(2024-09-14) Karpf Paul Graham And The Cult Of The Founder

Dave Karpf: Paul Graham and the Cult of the Founder Paul Graham has been bad for Silicon Valley. Without Paul Graham, we would not have YCombinator. And YCombinator is, chiefly, the Cult of the Founder. Silicon Valley would be so much better off without it. The companies that came out of YCombinator would be better off if their leaders weren’t so convinced of their own moral superiority.

YCombinator’s malign influence can be traced back to its very first class. The photo below is of YCombinator’s first cohort, in 2007. You can see a young, tall, lanky Alexis Ohanian in the back left row. Sam Altman stands in the front, arms crossed, full of unearned swagger

To Altman’s left is Aaron Swartz. Aaron cofounded Reddit, but left the company when it was sold to Conde Nast. He couldn’t stand the YCombinator vibes

It occurs to me that Aaron and Altman represent two archetypes of what Silicon Valley might value.

Aaron was a hacker in the classical sense of the word. He was intensely curious, brilliant, and generous. He was kind, yet uncompromising. He had a temper, but he pretty much only directed it toward idiots in positions of power. When he saw something wrong, he would build his own solution.

Altman has been crowned the new boy-king of Silicon Valley. It strikes me that in present-day Silicon Valley, thanks largely to the influence of networks like YCombinator, is almost entirely Altman wannabes

They have constructed an altar to founders and think disruption is inherently good because it enables such marvelous financial engineering. They don’t build shit, and they think the employees and managers who run their actual companies ought to show more deference.

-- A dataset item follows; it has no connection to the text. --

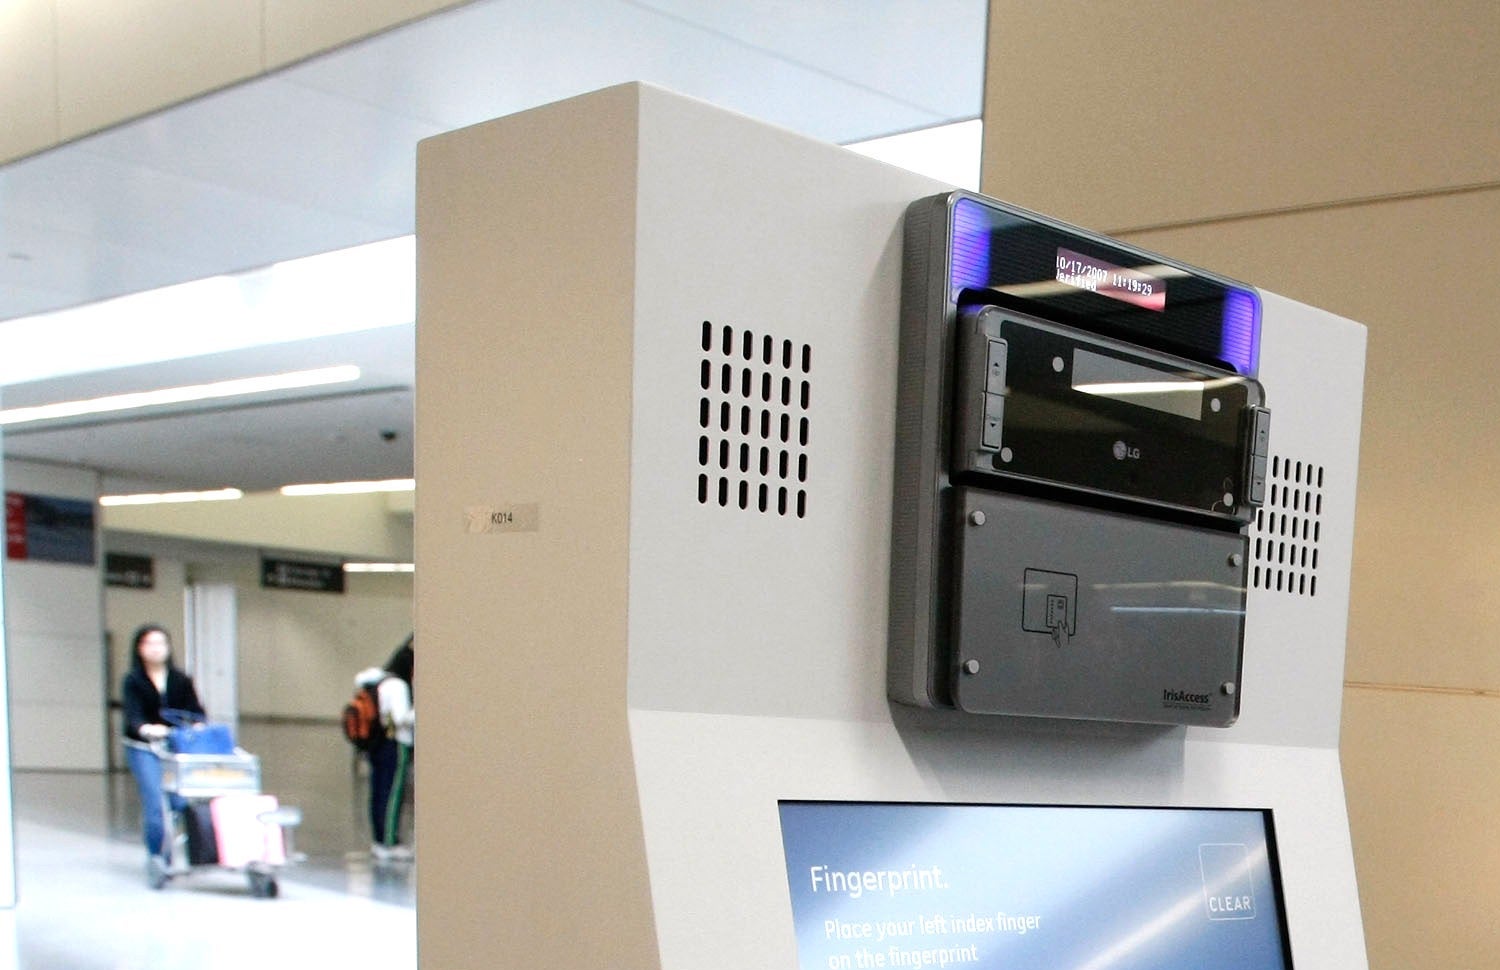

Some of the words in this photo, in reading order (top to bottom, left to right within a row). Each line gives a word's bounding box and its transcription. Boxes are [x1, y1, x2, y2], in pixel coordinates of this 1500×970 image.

I’ve been thinking about this lately because Paul Graham’s latest essay, “Founder Mode,” has been making the rounds.

The Silicon Valley of the 1980s, 90s, and even the 00s still culturally elevated hackers like Woz (Steve Wozniak). The “founders” (entrepreneurs, really) didn’t understand the tech stack, but they knew how to bring a product to market. Steve Jobs couldn’t code for shit, and for much of its history, Silicon Valley revered Woz as much as it did Jobs.

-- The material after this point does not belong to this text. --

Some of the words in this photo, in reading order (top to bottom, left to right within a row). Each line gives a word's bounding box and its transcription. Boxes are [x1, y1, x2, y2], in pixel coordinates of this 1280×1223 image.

Aaron was, in a sense, my generation’s equivalent of Woz. It isn’t a perfect analogy.

They don’t even try to produce Aarons anymore. Everyone is trying to be Sam frickin’ Altman now.

YCombinator was one of the major sources of that cultural change, because YCombinator proved so effective at perpetuating its own mythology.

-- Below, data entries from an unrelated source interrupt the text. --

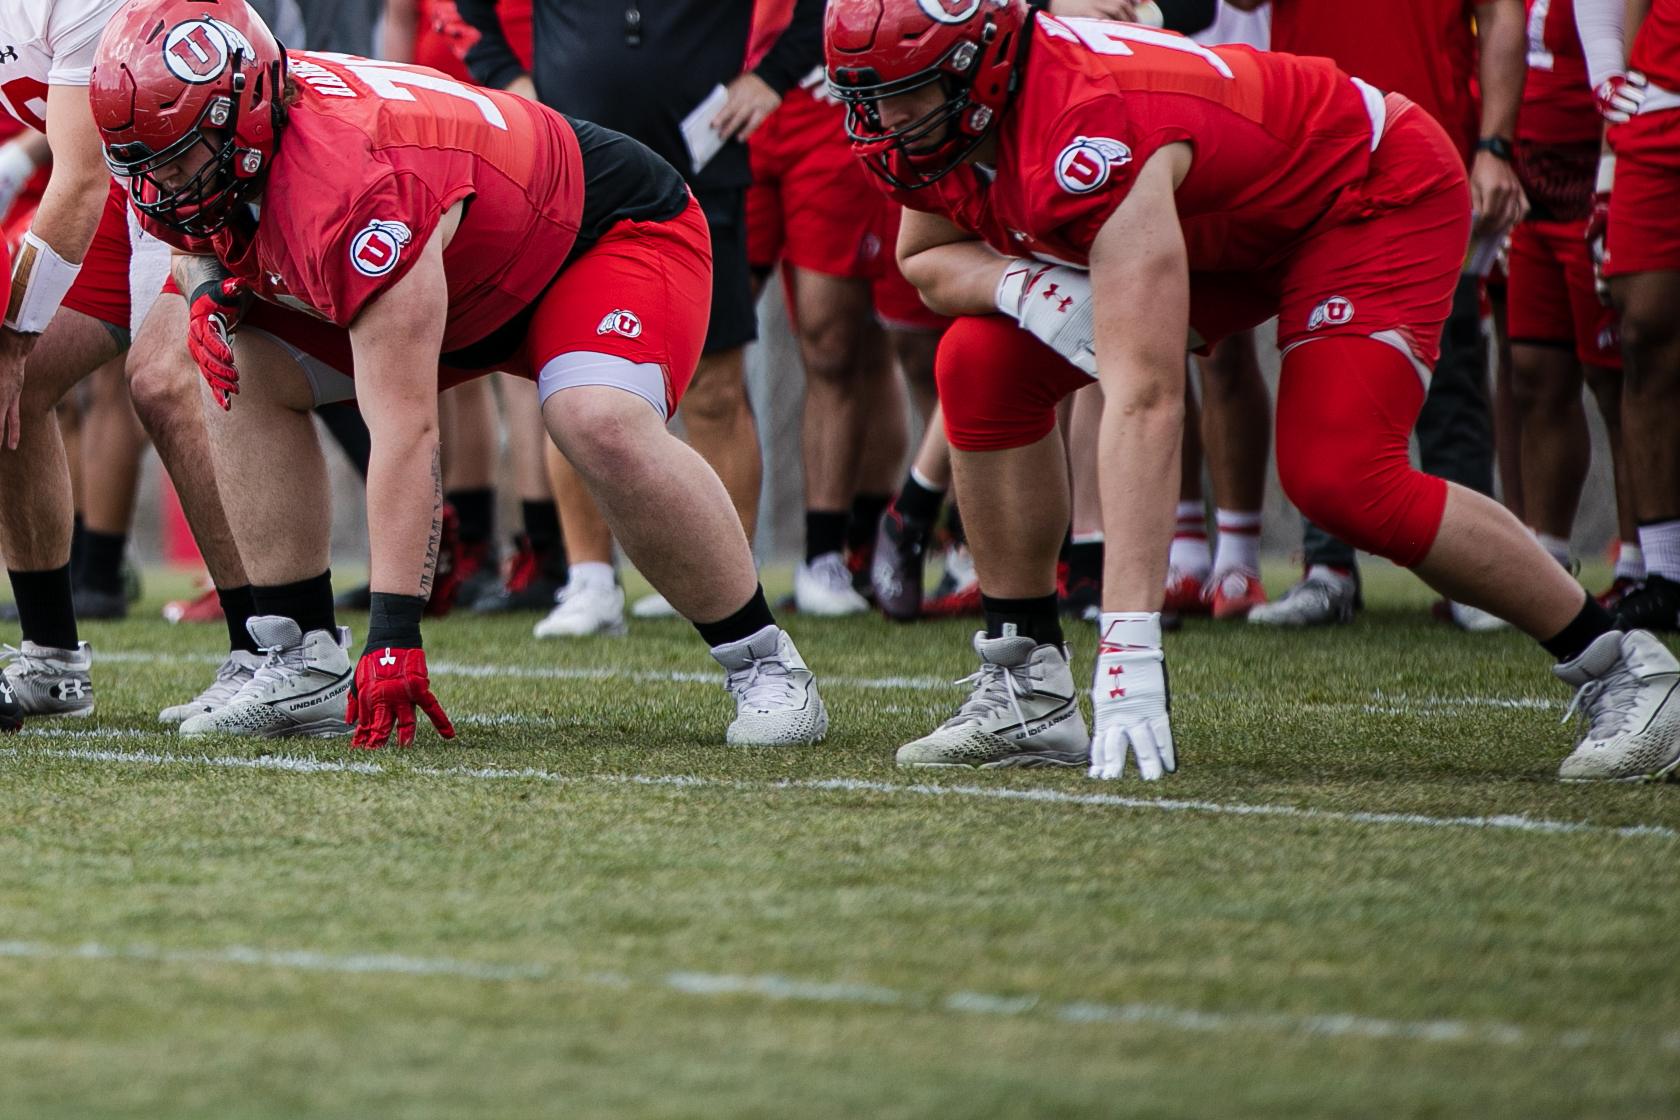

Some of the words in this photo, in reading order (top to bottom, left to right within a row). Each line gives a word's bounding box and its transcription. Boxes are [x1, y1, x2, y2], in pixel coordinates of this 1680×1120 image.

[169, 25, 222, 77] U
[1055, 15, 1235, 79] 7
[304, 50, 508, 130] 7
[1064, 150, 1101, 186] U
[357, 233, 393, 268] U
[618, 314, 638, 334] U
[1327, 301, 1348, 320] U
[289, 697, 323, 712] UNDER

Notice the self-reinforcing nature of this model. If you have a ton of resources, and you get to pick first, it’s a lot easier to pick winners

YCombinator has indeed spawned many successful companies. It counts the founders of Reddit, AirBnB, Doordash, Dropbox, Coinbase, Stripe, and Twitch among its alumni. But less clear is how these companies would have fared in the absence of YCombinator. Did Paul Graham impart genuinely original knowledge to them, or just fete them with stories about what special boys they all were, while open the doors to copious amounts of seed funding?

The Cult of the Founder only really matters because of the gravitational force of money.

This is all of a piece with Marc Andreessen’s techno-optimist manifesto and Balaji Srinivasan’s batshit bitcoin declarations. A small, cloistered elite of not-especially-bright billionaires have decided that they are very, very special

The tech industry was never perfect. It never lived up to its lofty ambitions. But it has gotten demonstrably worse. And I think the fork-in-the-road moment was when the industry stopped trying to celebrate old-school hackers like Aaron Swartz and started working full-time to build monuments to Sam Altman instead.

its a paean to the ethereal qualities that elevate “founders” from the rest of us.

The single practical suggestion in the essay is that companies should follow in the footsteps of Steve Jobs (of course) and hold retreats of “the 100 most important people working at [the company],” regardless of job title. Graham insists this is unique to Jobs, that he has never heard of another company doing it. Dan Davies counters that this is, in fact, quite common, remarking: “When I was at Credit Bloody Suisse, they used to have global offsites with 100 key employees from different levels

The mood that animates Graham’s essay, though, is just sheer outrage that professional managers might constrain the vision and ambition of founders. In Graham’s rendering, the founders are akin Steve Jobs

Notice that, in this rendering, the story of Apple becomes Jobs-vs-Sculley, rather than Jobs-vs-Wozniak.